EDITOR’S NOTE: An earlier version of this story said that Faring is incorporating the entire French Market building into its new project and that it won’t require any exceptions to existing city zoning laws. In fact, Faring is incorporating the facade of the French Market, not the entire building. And it is seeking an exception to the current height limitation so that the interior ceilings of each of the floors can be higher. The story has been updated to note that.
The facade of the French Market, a West Hollywood institution, will be incorporated into the new building planned by Faring for the northeast corner of Santa Monica Boulevard and Laurel Avenue.
“Faring will keep the original 1936 French Market grocery structure in place at the corner of Laurel Avenue, elevating it as the centerpiece of the property,” the West Hollywood developer said in an announcement of the new design of the project, which is being developed in partnership with L&R. “The proposal merges the Market building’s Streamline Moderne and French Revival architectural features with creative office space and ground-level restaurants. Landscaped terraces and generous setbacks along the project’s frontage will return street-front café dining to Santa Monica Boulevard, enhancing the local pedestrian experience.”
The four-story building at 7985 Santa Monica Blvd. will consist mainly of office space extending into the area now occupied by a parking lot between the French Market building and the Delilah restaurant to its east. There also will be a restaurant and coffee shop and streetfront dining.
Faring describes the project as “the first ground-up office project proposed in the city since the PDC Red Building nearly a decade ago” and notes that it will not include any density or square footage above what already is permitted for the property in the West Hollywood zoning code. Faring would have had to get the West Hollywood City Council’s permission for a project that exceeded those zoning limitations. Faring is, however, requesting an exception to the height limitations for the property so that each floor will be able to have a higher interior ceiling.
Faring’s decision to incorporate the French Market into the project addresses concerns by some who see the building as an important part of West Hollywood’s gay history. The original 1930’s grocery store structure was significantly remodeled to become the “Louisiana Purchase” shopping center in 1974. It underwent numerous renovations while known as the “French Market” until it closed in 2015. The market’s French Quarter restaurant was known for housing the office of the Municipal Elections Committee of Los Angeles (MECLA), a political action committee in the 1970s that raised money to support gay-friendly candidates.
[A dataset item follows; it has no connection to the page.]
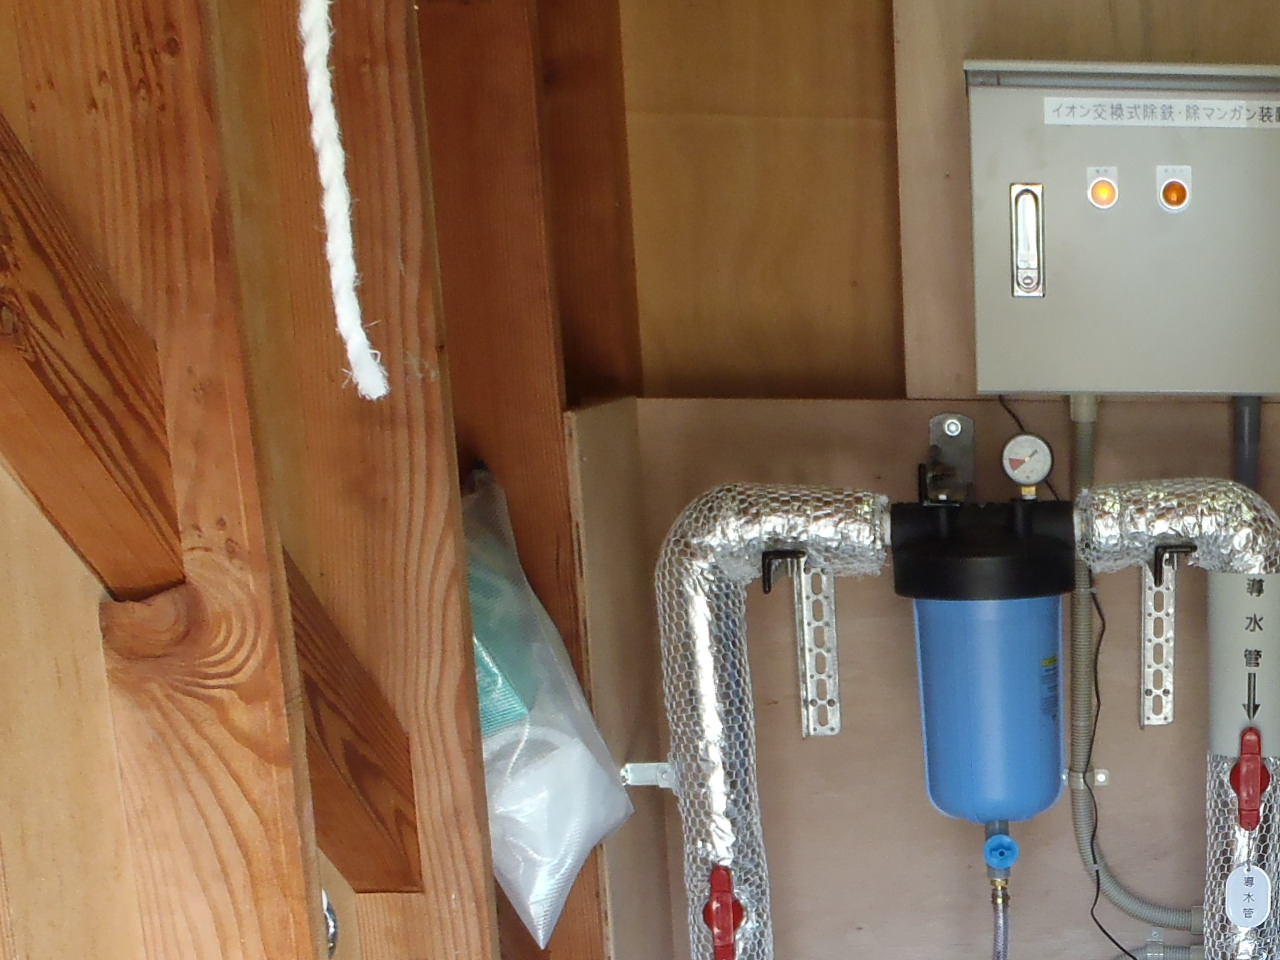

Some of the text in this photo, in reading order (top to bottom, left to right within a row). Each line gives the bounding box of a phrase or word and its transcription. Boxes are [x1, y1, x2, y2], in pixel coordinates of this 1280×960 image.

[1244, 578, 1265, 668] 導水管
[1243, 876, 1255, 919] 導水管
When news that it would be replaced became known in March 2016, Rick Castro, in a posting on his blog, announced “FRENCH MARKET PLACE- THE END OF GAY.” Castro is owner of Antebellum Gallery in Hollywood, which bills itself as the only fetish art gallery in the United States. The French Quarter also has long been a gathering place for members of the LGBT recovery community.
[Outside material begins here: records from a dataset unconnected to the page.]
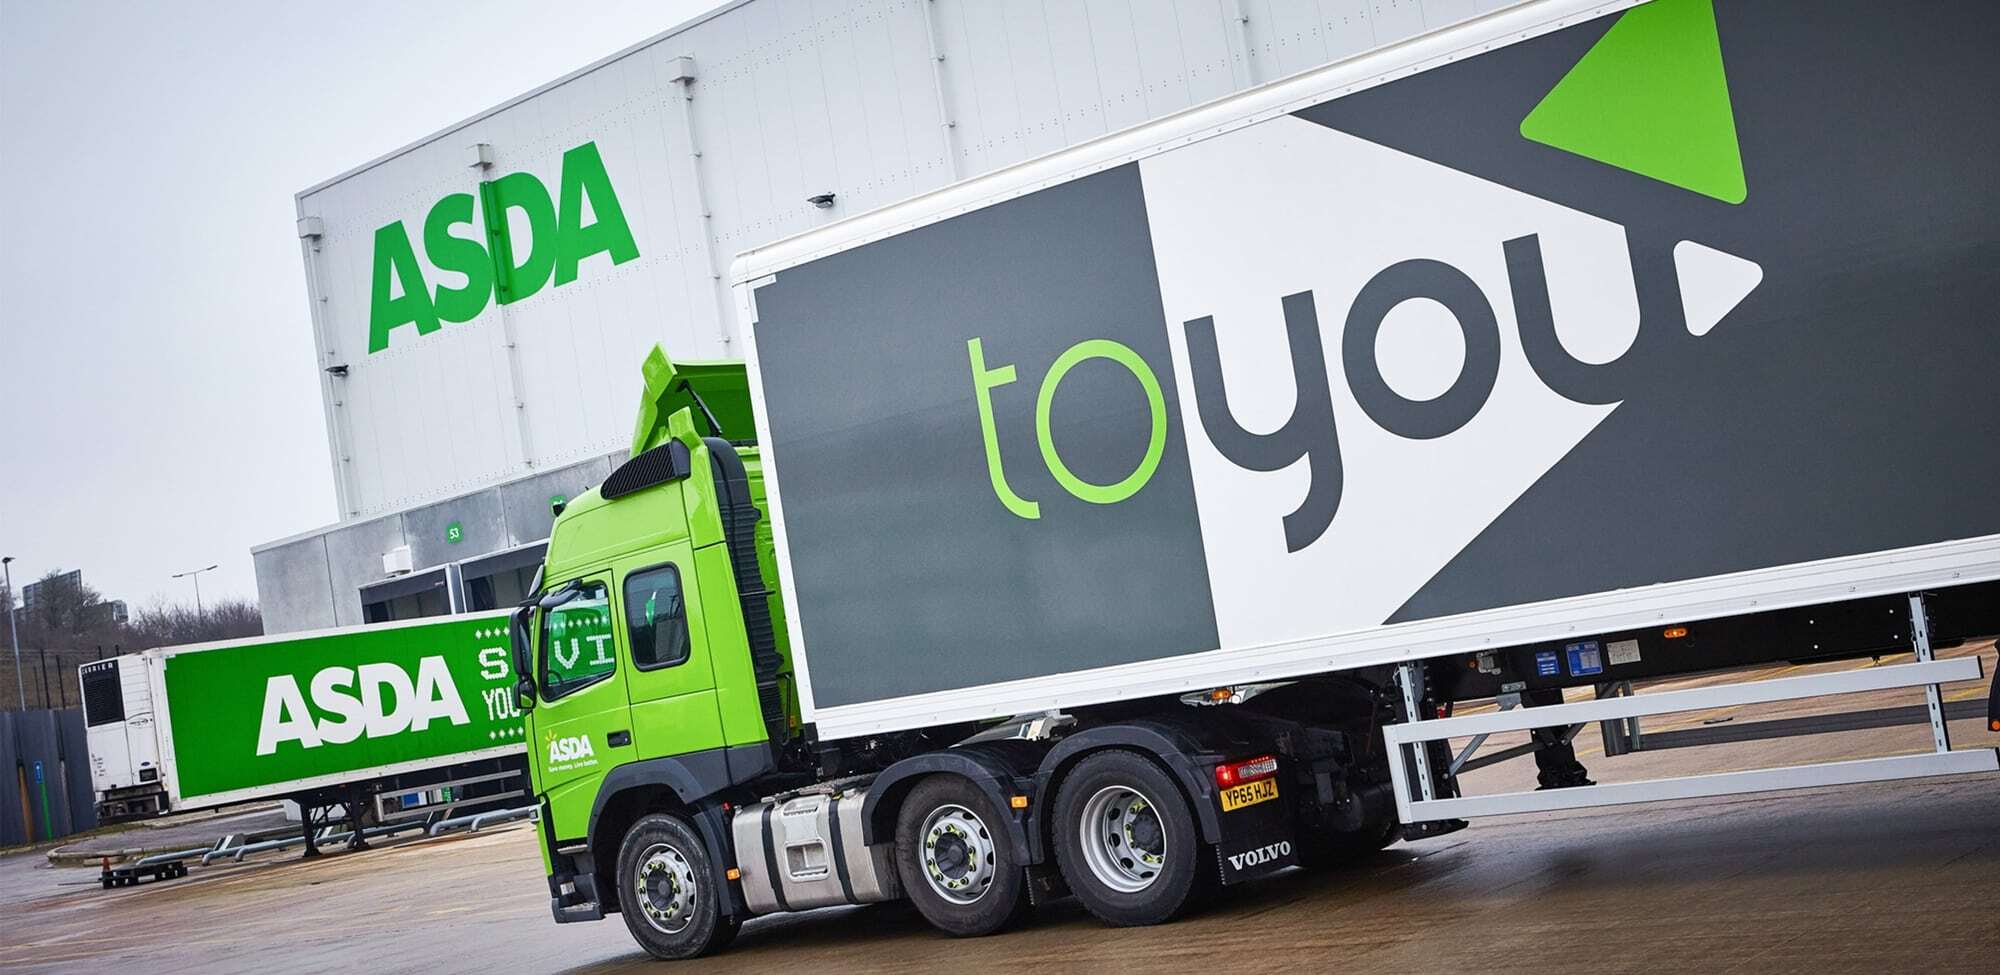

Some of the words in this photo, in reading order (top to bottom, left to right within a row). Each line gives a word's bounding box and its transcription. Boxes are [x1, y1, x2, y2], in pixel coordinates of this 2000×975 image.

[368, 141, 640, 355] ASDA
[449, 527, 460, 539] 53
[256, 656, 470, 756] ASDA
[550, 735, 594, 763] ASDA
[1226, 785, 1253, 807] YP65
[1255, 781, 1274, 799] HJZ
[1228, 841, 1291, 871] VOLVO
“Bringing the French Market back to West Hollywood gives this project real soul,” Faring CEO Jason Illoulian said. “We recognize the connections our community has to this building and this plan will ensure the French Market remains a unique part of WeHo’s future as well.”
“Everything about this plan for the French Market speaks the language of victory for our community,” said Bottini. “This project is returning a safe space to West Hollywood, where so much grassroots organizing and civil rights activity happened.”
“That Faring is planning to save the major historic elements, from the art deco fenestration to the mansard roofline and Route 66 fronting terrace, is a great success for the community. The West Hollywood Preservation Alliance proudly applauds this design,” said Roy Oldenkamp, WHPA’s president.
In its announcement of the new design, Faring said it will treat the French Market as a ‘found object’ and transform its facade into “an iconic design commemorating the LGBT civil rights struggle in America. A relief-sculpture design will wrap the French Market building in bronze, featuring the faces of both local and national LGBT activists” such as Bayard Rustin, Ivy Bottini and Edith Windsor.
“This architecture responds to the rich site context with a composition of locally scaled elements, permitting the building to step away from both the Delilah and French Marketplace structures to create a more harmonious and respectful relationship between the three” said Benjamin Anderson of R&A Architecture and Design, the architect for the project.
The French Market will meet West Hollywood green building standards and includes several sustainability measures. Intended to take advantage of an adjacent public transit stop, the proposed project includes bicycle parking and three levels of subterranean vehicle parking. Additional information about the project will be available online at www.FrenchMarketWeHo.com.
Faring’s plan to integrate the French Market into the design for the 7985 Santa Monica Blvd. project mirrors Illoulians’s decision to integrate the Factory nightclub building into Faring’s Robertson Lane project on Robertson Boulevard. Faring’s initial plans to demolish the old building sparked opposition from some who claimed it was historically or culturally significant as the home of Studio One, a gay nightclub, which opened in 1974. A repositioned and renovated Factory building now is integrated into the Robertson Lane plans.